#### [Task requirements]
Exclude the pictures and reproduce the remaining data exactly as written.

Stored data entries:
□ □ □
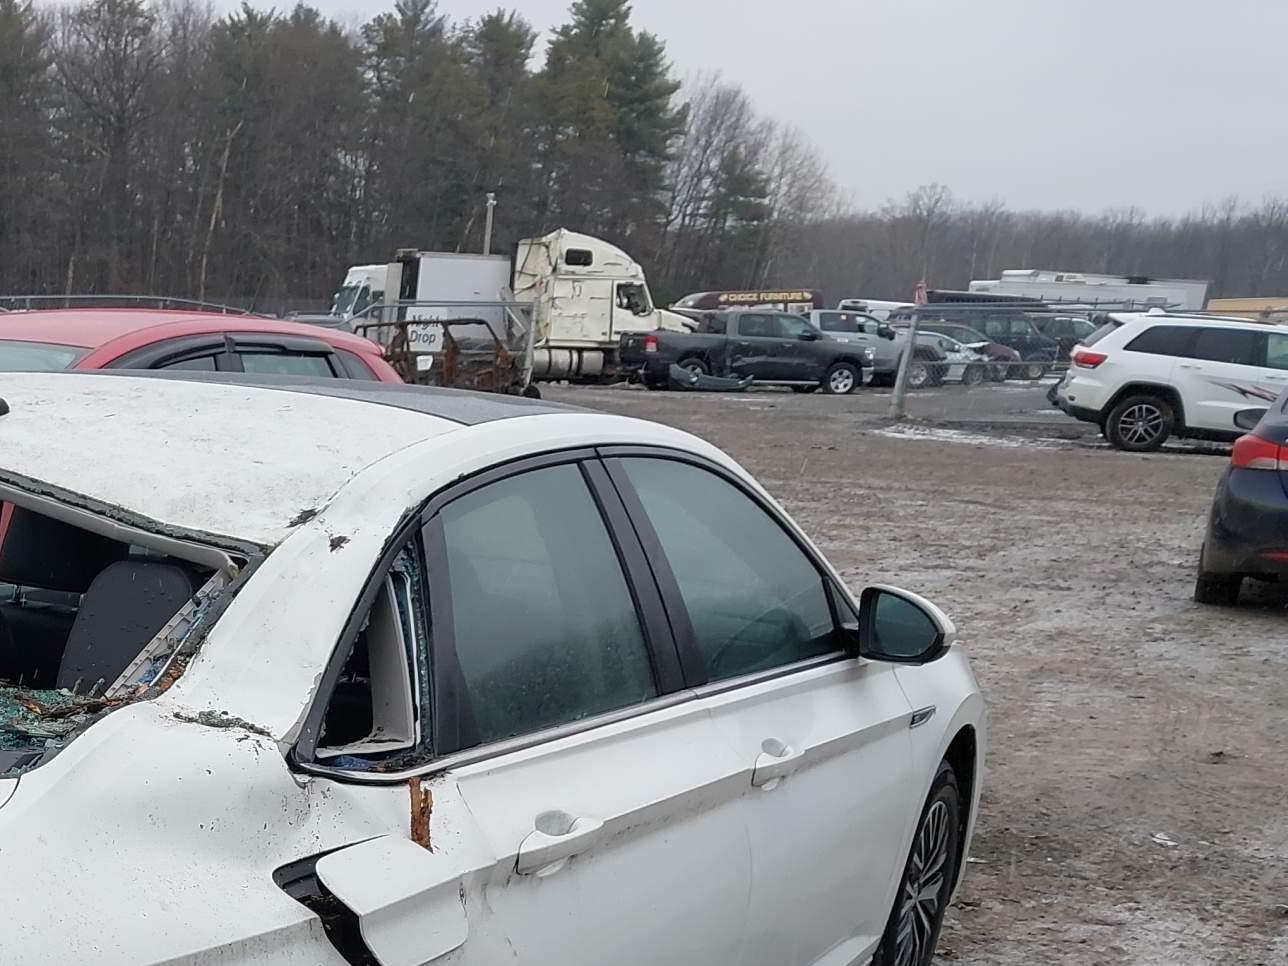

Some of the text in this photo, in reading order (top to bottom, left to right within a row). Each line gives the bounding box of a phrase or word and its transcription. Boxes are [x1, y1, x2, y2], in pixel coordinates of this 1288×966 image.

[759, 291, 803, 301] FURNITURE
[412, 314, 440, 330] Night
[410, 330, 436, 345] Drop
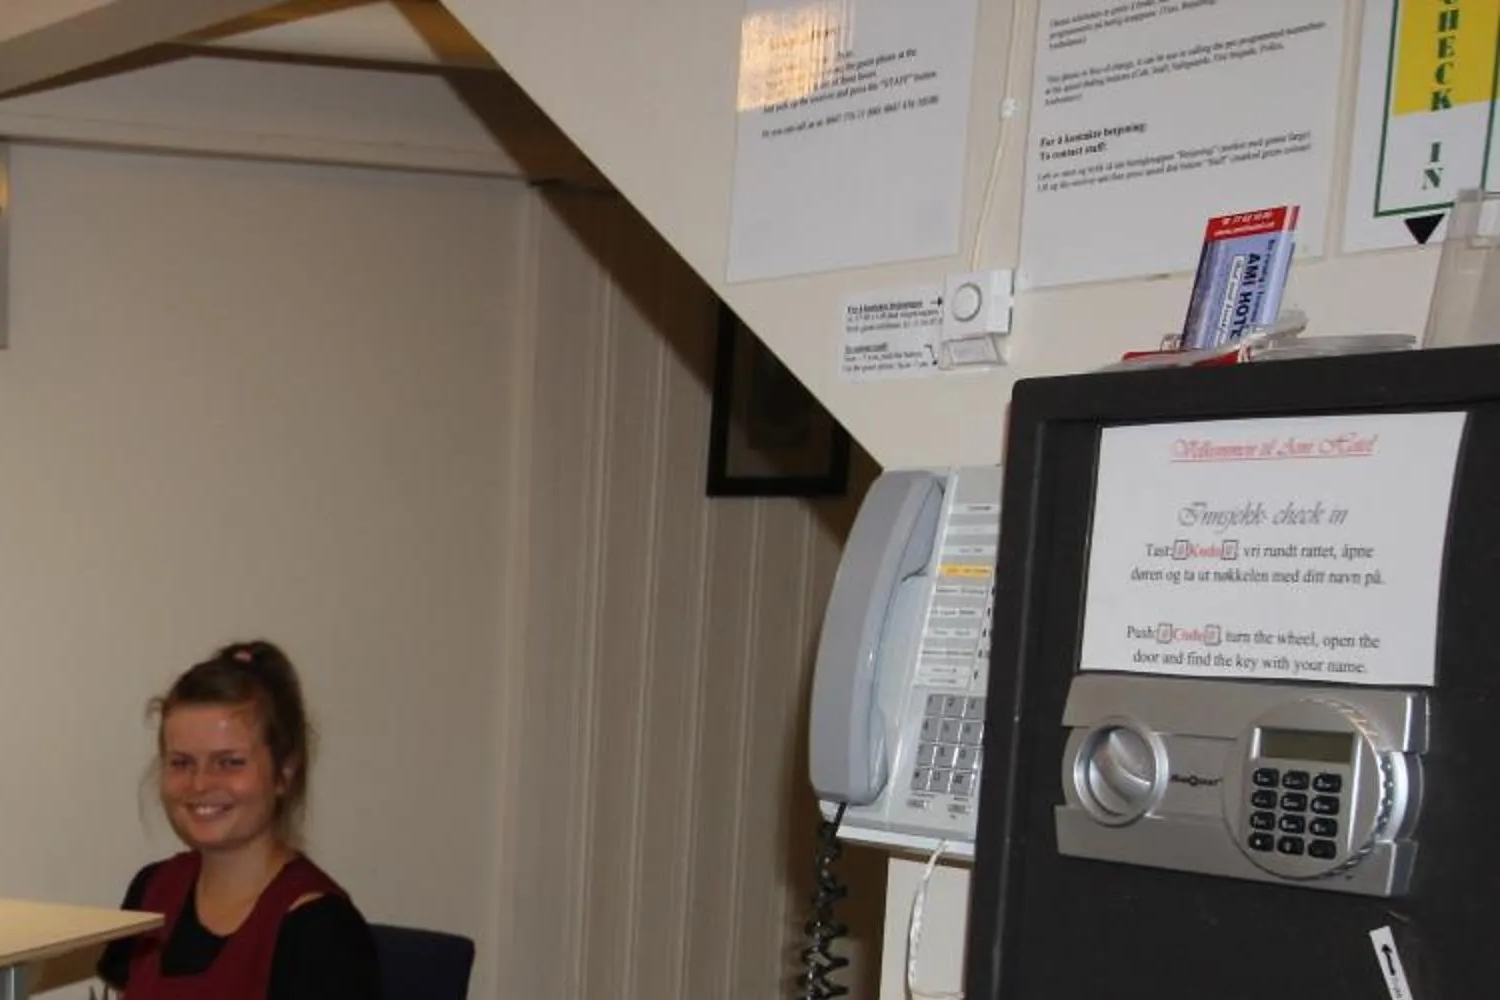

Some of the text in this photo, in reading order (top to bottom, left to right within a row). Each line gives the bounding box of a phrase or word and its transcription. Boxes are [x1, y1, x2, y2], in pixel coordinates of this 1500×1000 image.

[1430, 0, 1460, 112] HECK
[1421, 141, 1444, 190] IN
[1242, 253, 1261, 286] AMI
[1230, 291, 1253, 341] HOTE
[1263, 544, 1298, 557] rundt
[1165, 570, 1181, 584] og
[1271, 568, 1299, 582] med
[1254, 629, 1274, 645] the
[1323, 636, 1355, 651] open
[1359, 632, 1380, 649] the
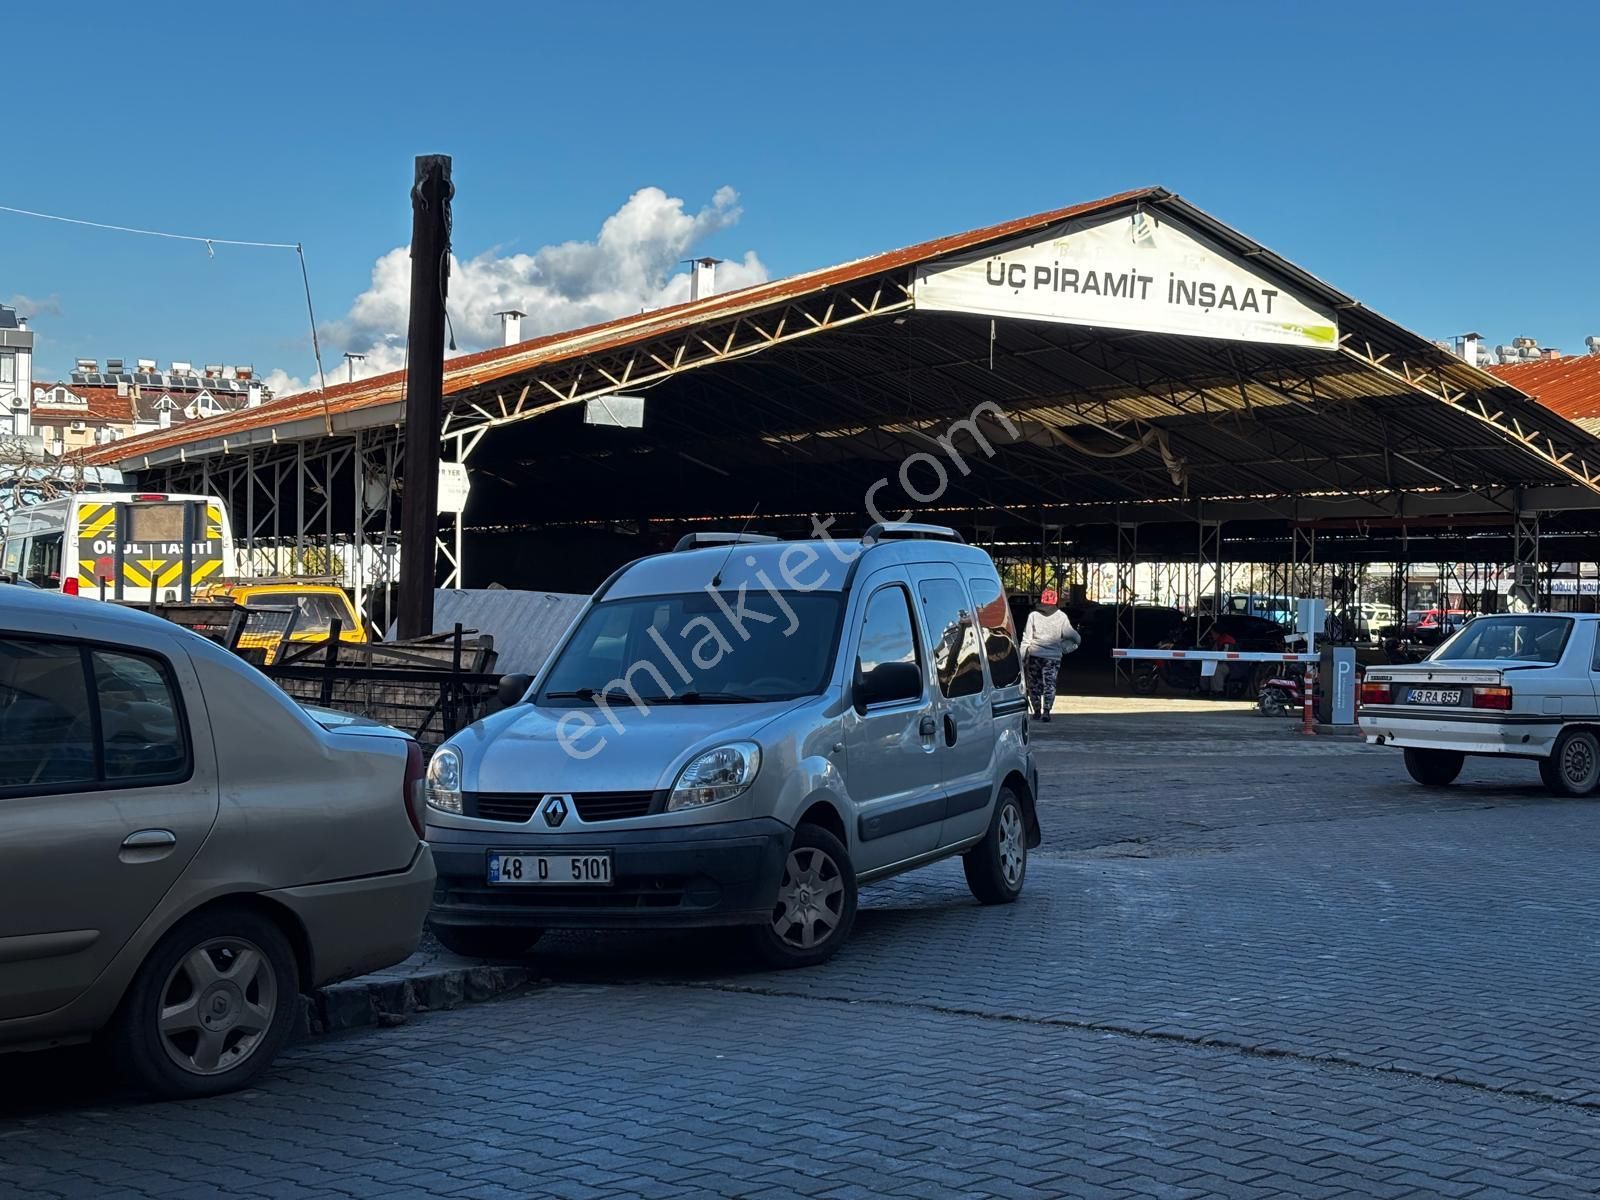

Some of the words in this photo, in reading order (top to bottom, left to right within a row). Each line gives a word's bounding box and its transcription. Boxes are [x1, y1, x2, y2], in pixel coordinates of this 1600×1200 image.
□ □ □
#### [Solution to the problem]
Some of the text in this photo, in reading order (top to bottom, left to right within a row). Each line gives the bounding box of a phrase or word and its transcription. Boxes are [x1, y1, x2, y2], in pixel coordinates of this 1288×966 image.

[759, 291, 803, 301] FURNITURE
[412, 314, 440, 330] Night
[410, 330, 436, 345] Drop

Some of the text in this photo, in reading order (top to bottom, left to right within a row). Each line gives the bounding box of a phrase or word and its transcription. Boxes are [x1, y1, x2, y2], in pixel coordinates of this 1500×1000 image.

[1430, 0, 1460, 112] HECK
[1421, 141, 1444, 190] IN
[1242, 253, 1261, 286] AMI
[1230, 291, 1253, 341] HOTE
[1263, 544, 1298, 557] rundt
[1165, 570, 1181, 584] og
[1271, 568, 1299, 582] med
[1254, 629, 1274, 645] the
[1323, 636, 1355, 651] open
[1359, 632, 1380, 649] the

Some of the words in this photo, in reading order (top to bottom, left to right within a row). Each line gives a word's bounding box and its transcription. Boxes are [x1, y1, x2, y2], in pixel coordinates of this 1600×1200 image.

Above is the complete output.